= WHAT THIS TASK INVOLVES =
Copy out every record below, word for word.
________
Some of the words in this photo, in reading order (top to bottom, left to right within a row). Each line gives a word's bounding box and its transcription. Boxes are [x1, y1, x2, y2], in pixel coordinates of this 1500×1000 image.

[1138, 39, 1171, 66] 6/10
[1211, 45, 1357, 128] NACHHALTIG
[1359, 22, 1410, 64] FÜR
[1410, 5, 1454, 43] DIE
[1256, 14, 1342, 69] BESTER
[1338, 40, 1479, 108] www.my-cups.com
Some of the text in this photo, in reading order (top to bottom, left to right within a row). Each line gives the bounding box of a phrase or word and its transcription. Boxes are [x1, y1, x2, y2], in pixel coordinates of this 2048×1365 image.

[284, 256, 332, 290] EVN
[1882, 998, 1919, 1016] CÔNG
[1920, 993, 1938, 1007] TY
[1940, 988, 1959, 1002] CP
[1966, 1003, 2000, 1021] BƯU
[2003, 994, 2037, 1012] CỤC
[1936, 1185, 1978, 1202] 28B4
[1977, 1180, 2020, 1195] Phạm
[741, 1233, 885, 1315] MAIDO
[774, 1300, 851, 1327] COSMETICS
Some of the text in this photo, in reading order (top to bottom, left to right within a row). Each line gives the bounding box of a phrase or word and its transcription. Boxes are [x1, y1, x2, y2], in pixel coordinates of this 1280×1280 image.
________
= WRITTEN RESPONSE =
Some of the words in this photo, in reading order (top to bottom, left to right within a row). Each line gives a word's bounding box and its transcription. Boxes are [x1, y1, x2, y2], in pixel coordinates of this 1500×1000 image.

[1138, 39, 1171, 66] 6/10
[1211, 45, 1357, 128] NACHHALTIG
[1359, 22, 1410, 64] FÜR
[1410, 5, 1454, 43] DIE
[1256, 14, 1342, 69] BESTER
[1338, 40, 1479, 108] www.my-cups.com
Some of the text in this photo, in reading order (top to bottom, left to right within a row). Each line gives the bounding box of a phrase or word and its transcription. Boxes are [x1, y1, x2, y2], in pixel coordinates of this 2048×1365 image.

[284, 256, 332, 290] EVN
[1882, 998, 1919, 1016] CÔNG
[1920, 993, 1938, 1007] TY
[1940, 988, 1959, 1002] CP
[1966, 1003, 2000, 1021] BƯU
[2003, 994, 2037, 1012] CỤC
[1936, 1185, 1978, 1202] 28B4
[1977, 1180, 2020, 1195] Phạm
[741, 1233, 885, 1315] MAIDO
[774, 1300, 851, 1327] COSMETICS
Some of the text in this photo, in reading order (top to bottom, left to right within a row). Each line gives the bounding box of a phrase or word and its transcription. Boxes are [x1, y1, x2, y2], in pixel coordinates of this 1280×1280 image.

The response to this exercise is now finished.